_EXERCISE OBJECTIVE_
Would you please restate the data exactly as it stands, apart from the pictures?

_RECORDS SHOWN_
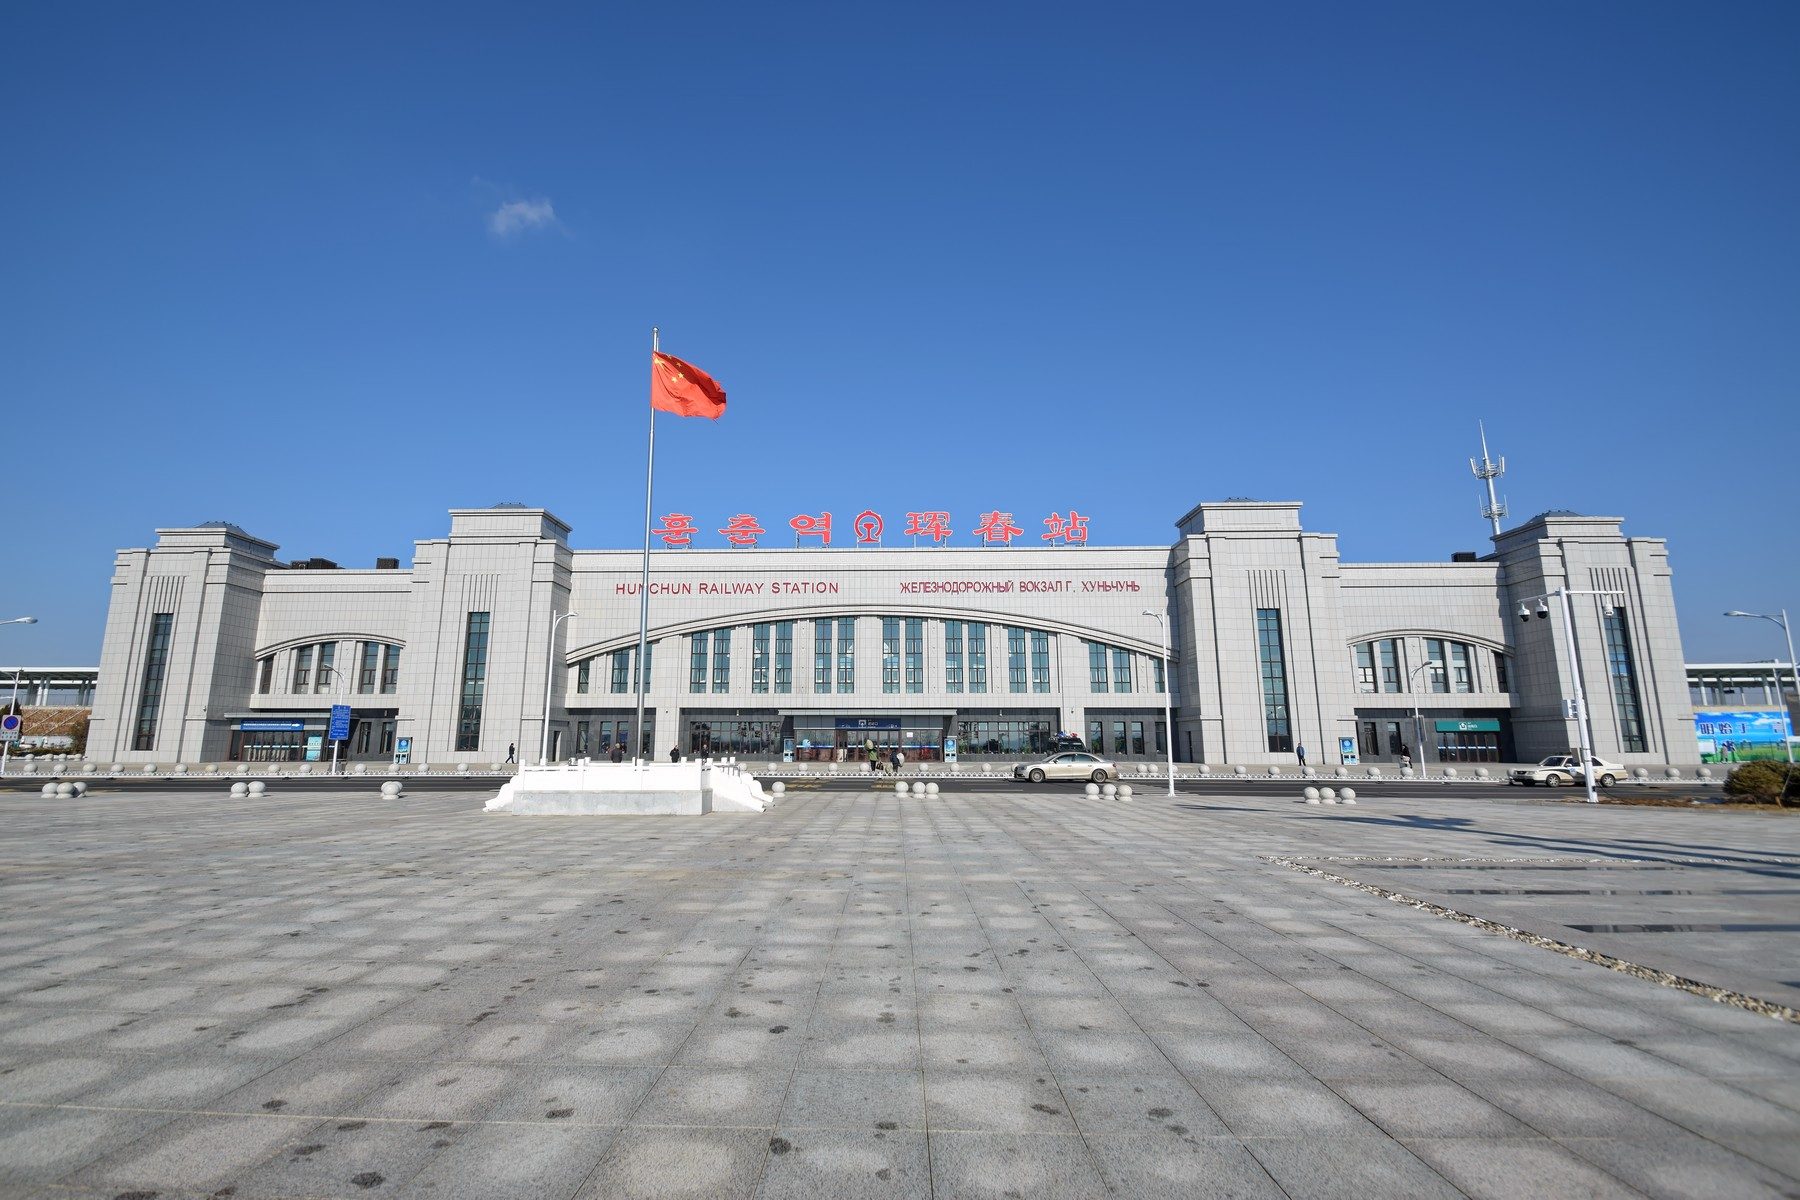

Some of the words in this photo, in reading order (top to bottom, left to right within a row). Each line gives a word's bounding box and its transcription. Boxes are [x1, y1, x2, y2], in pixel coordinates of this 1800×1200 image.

[651, 511, 833, 545] 훈춘역
[904, 510, 1090, 543] 珲春站
[698, 582, 764, 595] RAILWAY
[771, 581, 839, 594] STATION
[900, 579, 1014, 595] ЖЕЛЕЗНОДОРОЖНЫЙ
[1081, 580, 1141, 593] ХУНЬЧУНЬ

_EXPECTED ANSWER_
Some of the words in this photo, in reading order (top to bottom, left to right within a row). Each line gives a word's bounding box and its transcription. Boxes are [x1, y1, x2, y2], in pixel coordinates of this 1800×1200 image.

[651, 511, 833, 545] 훈춘역
[904, 510, 1090, 543] 珲春站
[698, 582, 764, 595] RAILWAY
[771, 581, 839, 594] STATION
[900, 579, 1014, 595] ЖЕЛЕЗНОДОРОЖНЫЙ
[1081, 580, 1141, 593] ХУНЬЧУНЬ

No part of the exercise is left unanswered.